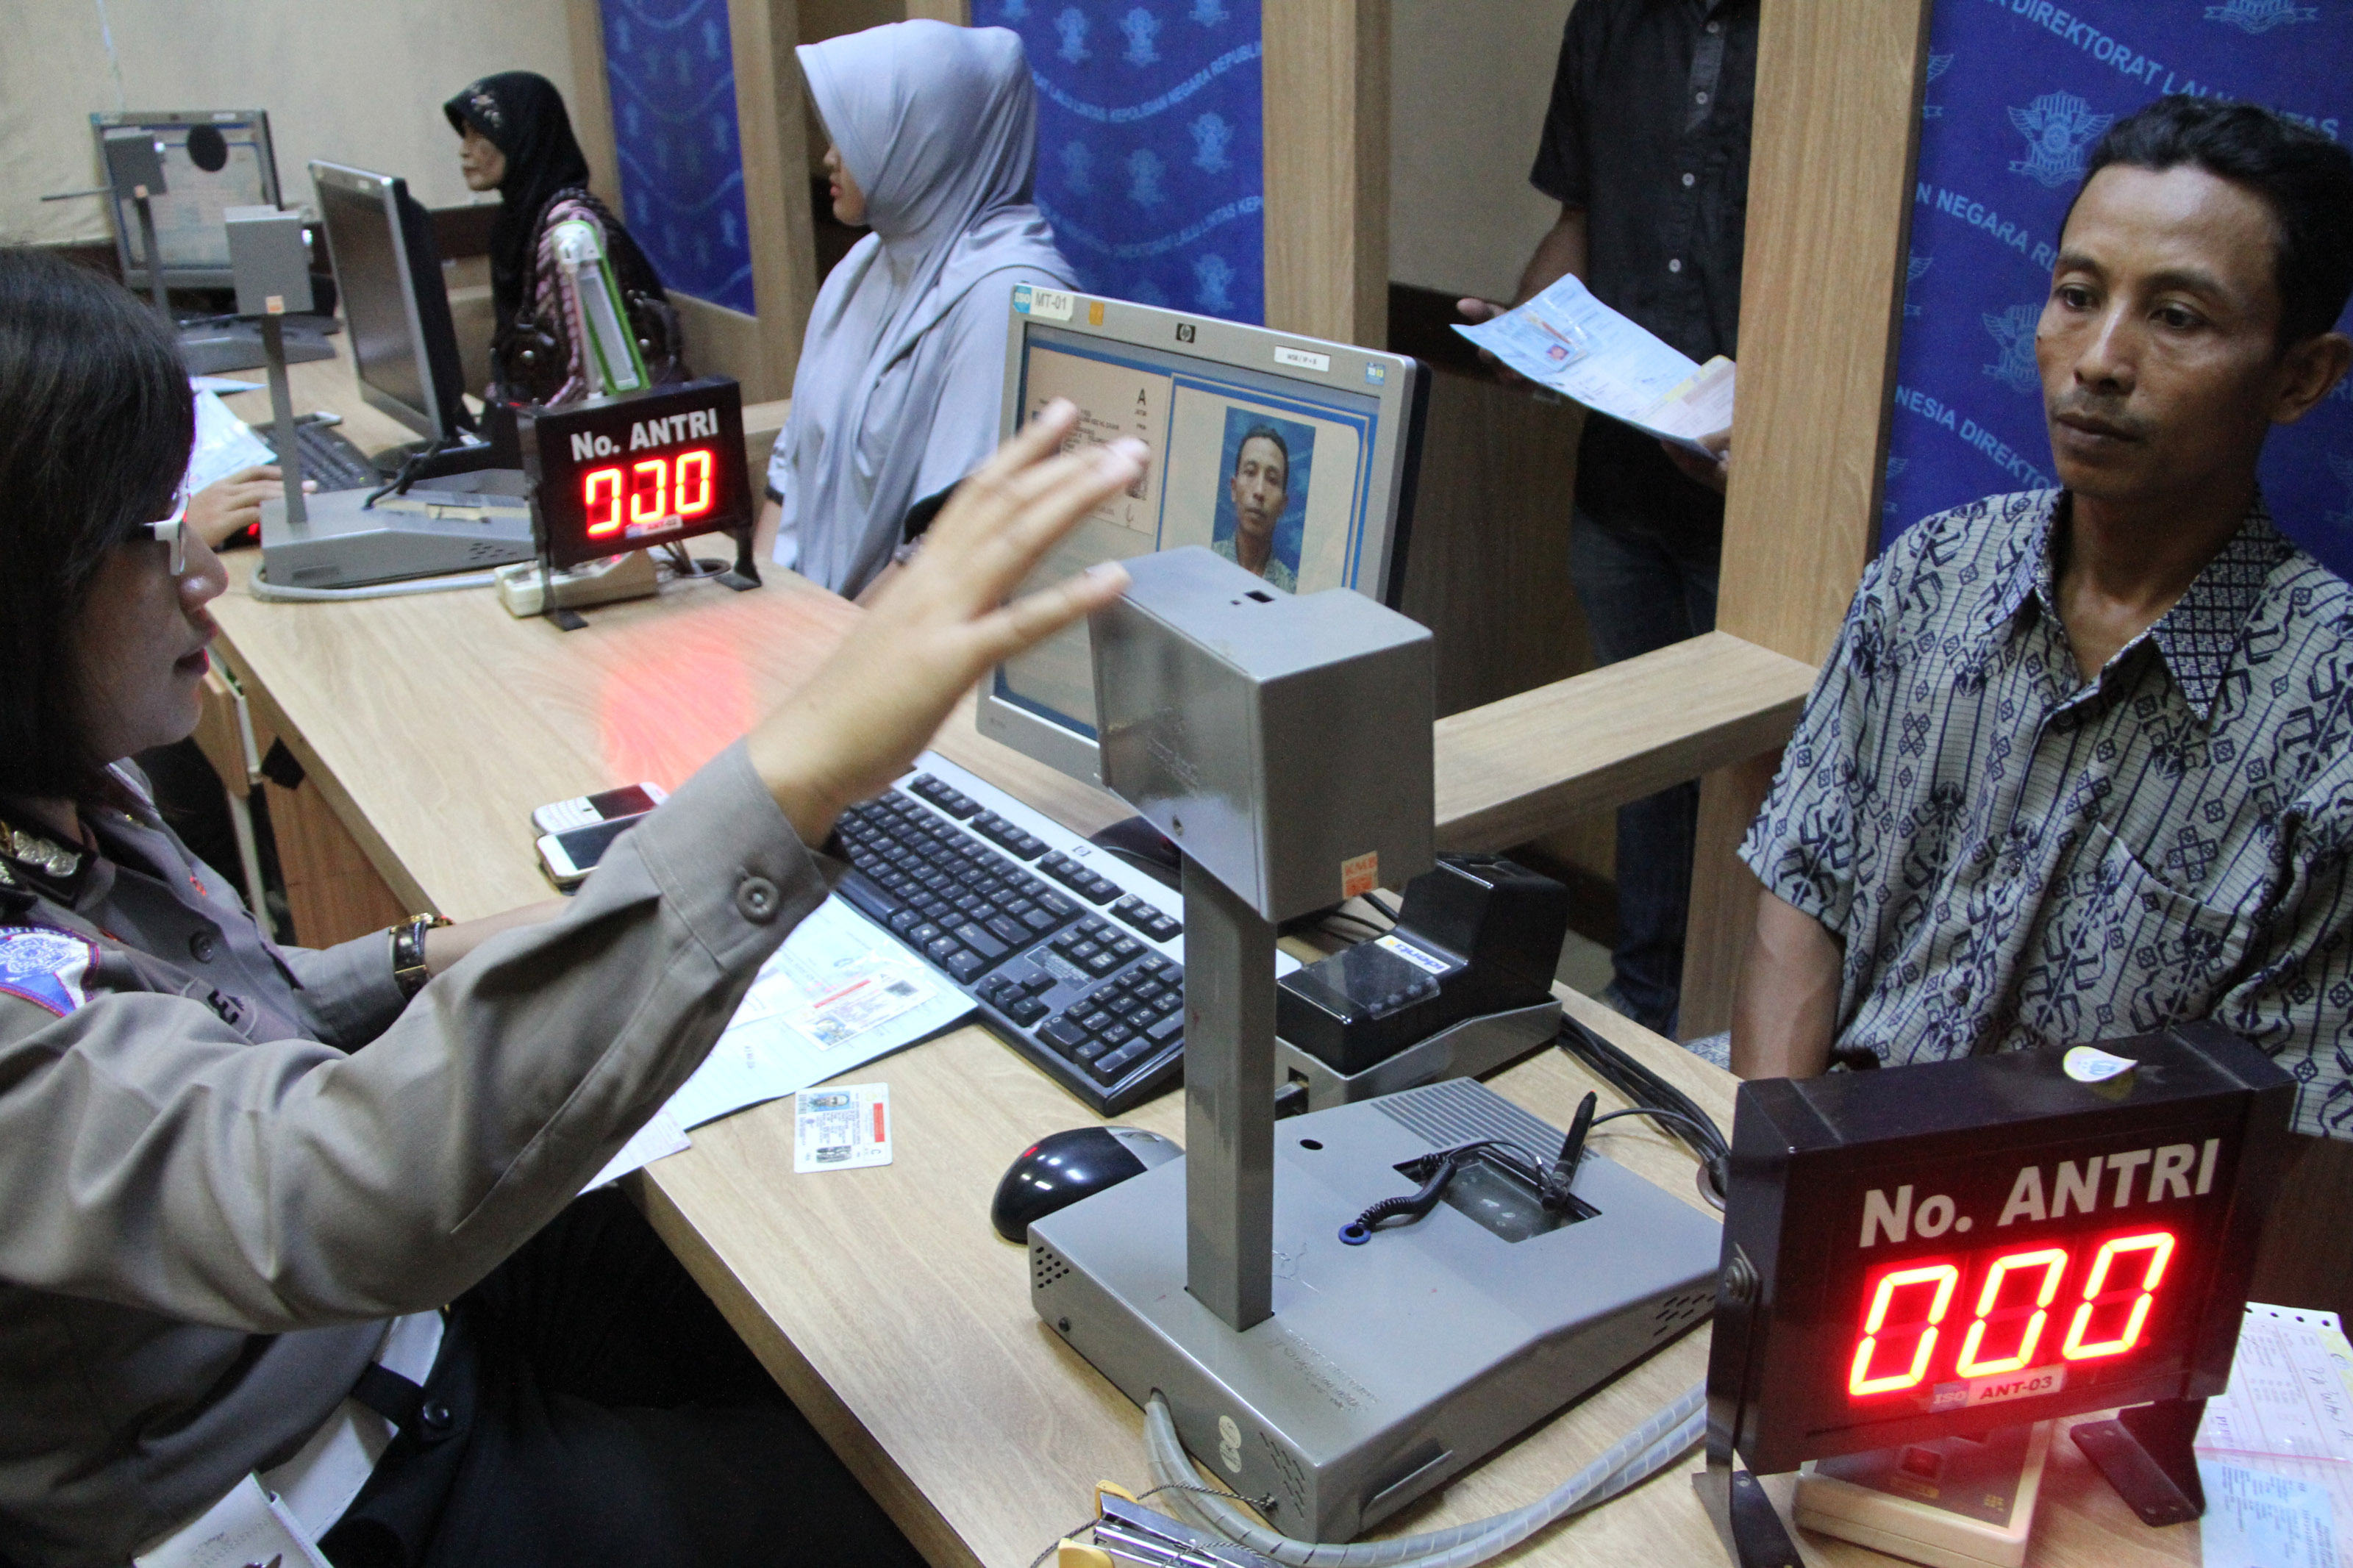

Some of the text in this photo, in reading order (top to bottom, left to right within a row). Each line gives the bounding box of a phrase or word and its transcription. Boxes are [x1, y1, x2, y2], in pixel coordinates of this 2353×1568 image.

[2011, 0, 2164, 85] DIREKTORAT
[1936, 188, 2029, 254] NEGARA
[1035, 292, 1067, 310] MT-01
[1137, 387, 1147, 407] A
[1894, 384, 1956, 432] NESIA
[570, 407, 719, 462] No. ANTRI
[1859, 1138, 2221, 1248] No. ANTRI
[1849, 1231, 2176, 1397] 000
[1932, 1375, 2053, 1405] ISO ANT-03

--*--

In the reply, each line of the data must appear exactly as written, and no picture may appear.

Some of the text in this photo, in reading order (top to bottom, left to right within a row). Each line gives the bounding box of a phrase or word and its transcription. Boxes are [x1, y1, x2, y2], in pixel coordinates of this 2353×1568 image.

[2011, 0, 2164, 85] DIREKTORAT
[1936, 188, 2029, 254] NEGARA
[1035, 292, 1067, 310] MT-01
[1137, 387, 1147, 407] A
[1894, 384, 1956, 432] NESIA
[570, 407, 719, 462] No. ANTRI
[1859, 1138, 2221, 1248] No. ANTRI
[1849, 1231, 2176, 1397] 000
[1932, 1375, 2053, 1405] ISO ANT-03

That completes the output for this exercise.